Mit ihrem grossen Hund und Christians Welpen machen sie sich auf den Weg. Beim gemeinsamen Picknick ist intensiver Blickkontakt angesagt. Christian bietet ihr sogar einen Rücken-Massage an. Feinfühlig legte er gleich Hand an. 

Auf dem weitern Wanderweg, blühen schöne gelbe Blumen. Beim Pflücken sind neben den Blumen auch Frösche zum Vorschein gekommen. Wie der Blitz rennt Michaela davon. Christian findet die Reaktion sehr unterhaltsam. Vor Fröschen habe ich nicht Angst, wenn dort aber eine Maus oder sogar eine Ratte gewesen wäre, ich wäre nicht nur 20 Meter, sondern ein paar 100 Meter geflüchtet. Insgesamt glaube ich, dass es zwischen ihnen klappen könnte, die Sympathie ist definitiv vorhanden. 

Auf bestem Weg 

Mendi will Karin testen und verlangt von ihr, dass sie einem Pferd ein Halfter anzieht. Souverän packt sie diese Aufgabe.

Mendis Sandplatz sollte wieder auf Vordermann gebracht werden. Diese Aufgabe darf Karin übernehmen. Liebevoll zieht sie mit der Maschine ein Herz über den grossen Platz. Diese Geste erfreut Mendis Herz sehr. Ich dachte, dass nun der Moment gekommen wäre für den ersten Kuss, doch das war nur ein Wunschdenken.
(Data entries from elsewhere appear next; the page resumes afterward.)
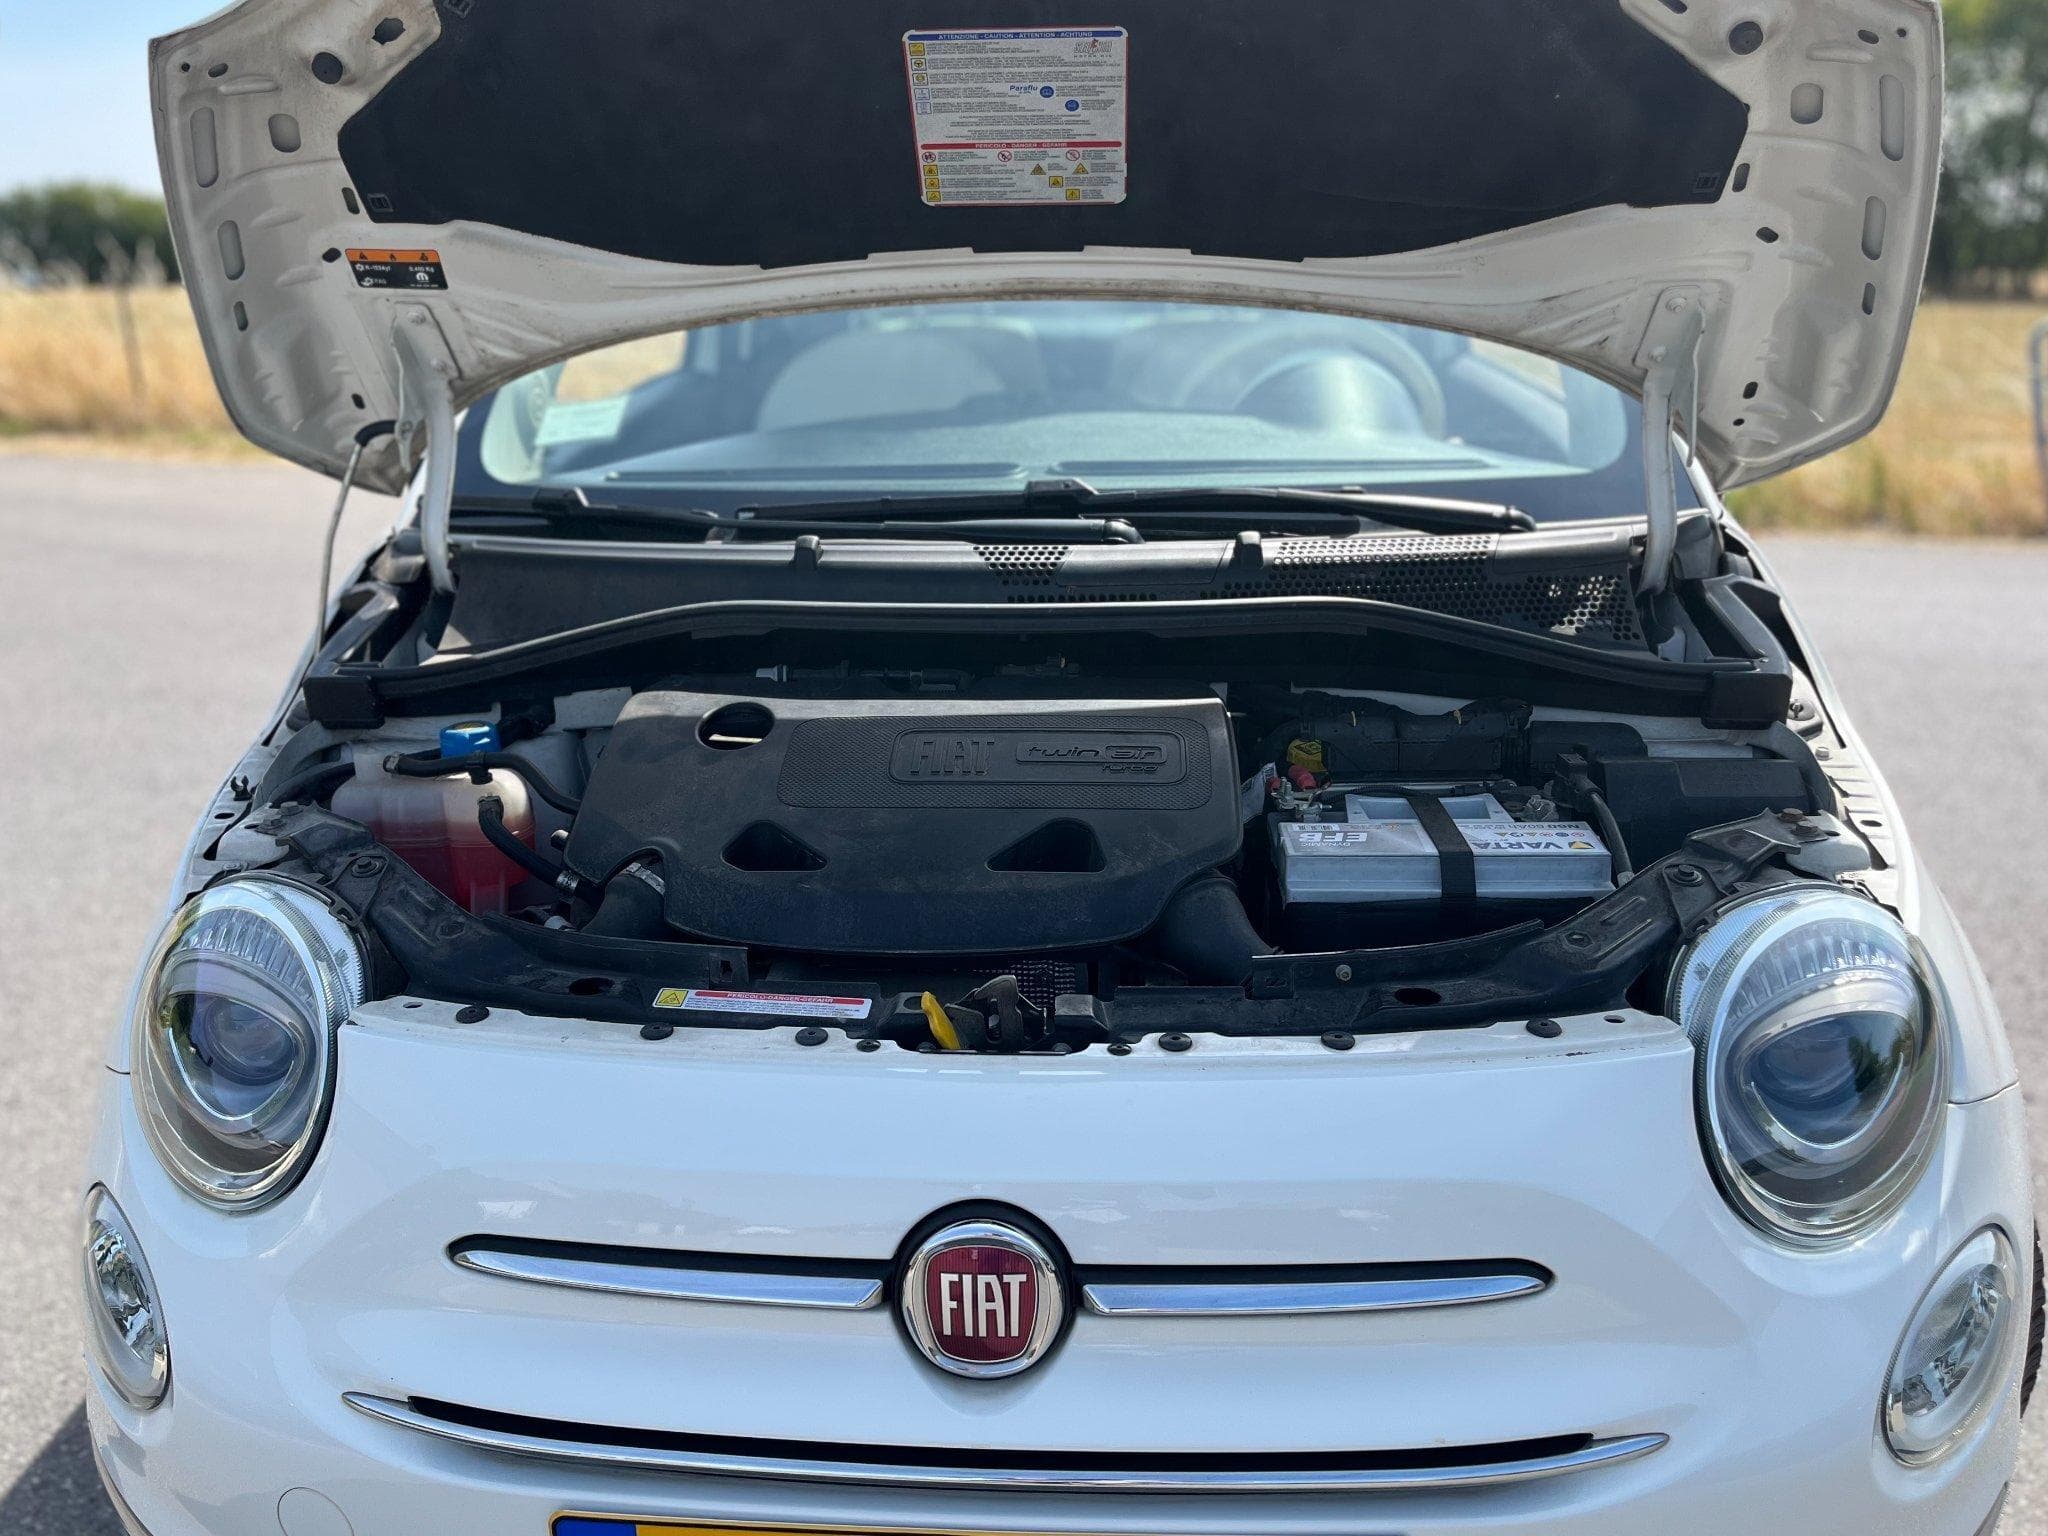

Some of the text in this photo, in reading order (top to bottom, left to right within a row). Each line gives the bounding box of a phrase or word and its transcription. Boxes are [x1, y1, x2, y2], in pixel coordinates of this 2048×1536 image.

[909, 738, 995, 775] FIAT
[1027, 746, 1101, 758] twin
[1299, 832, 1368, 842] EFB
[1471, 841, 1564, 850] VARTA
[940, 1273, 1027, 1337] FIAT
Bei der gemeinsamen Arbeit diskutieren sie über ihre Kinder. Denn Karin ist Mutter eines 9-jährigen Jungen. Auch Mendi hat eine 10-jährige Tochter. Wenn alles funktioniert, entsteht hier eine schöne neue Patchwork Familie.

Vor einigen Jahren hatte Mendi einen schweren Unfall, dabei ist seine Schulter schwer verletzt worden. Bis heute leidet er an den Folgen. Karin überreichte ihm einen Gutschein für Quantenheilung. Ich hab noch nie davon gehört, konnte jedoch mein Wissen gerade erweitern.

Sorgenkind 

Nun noch zu unserem letzten Bauern Georg, unserem Sorgenkind. Letzte Woche sah alles so perfekt aus. Bettina hilft fleissig beim Heuen mit. Die perfekte Frau für den arbeitstüchtigen Bauern. Doch Bettina will in ihrem Alter mehr als nur Arbeiten.

Das Ziel wäre es, mit Georg einen gemütlichen Tag zu verbringen. Zusammen  wandern sie in den Bündner Bergen umher. Sehr schön und auch romantisch wäre es. Doch bei der Romantik stellt es an. Am Bergsee angekommen, wäre Bettina gerne mit dem Boot auf den See gefahren. Doch diese Idee gefällt dem 60-jährigen Bauern gar nicht. Diese Absage ist für Bettina sehr schmerzlich. Denn sie hat das Gefühl, dass sich Georg auch in vielen andern Sachen nicht offener zeigt.

Dass er nicht über seinen Schatten spring, bereitet Bettina sorgen. Sie ist sich auf einmal nicht mehr sicher, ob der sesshaft Georg das richtige für sie ist.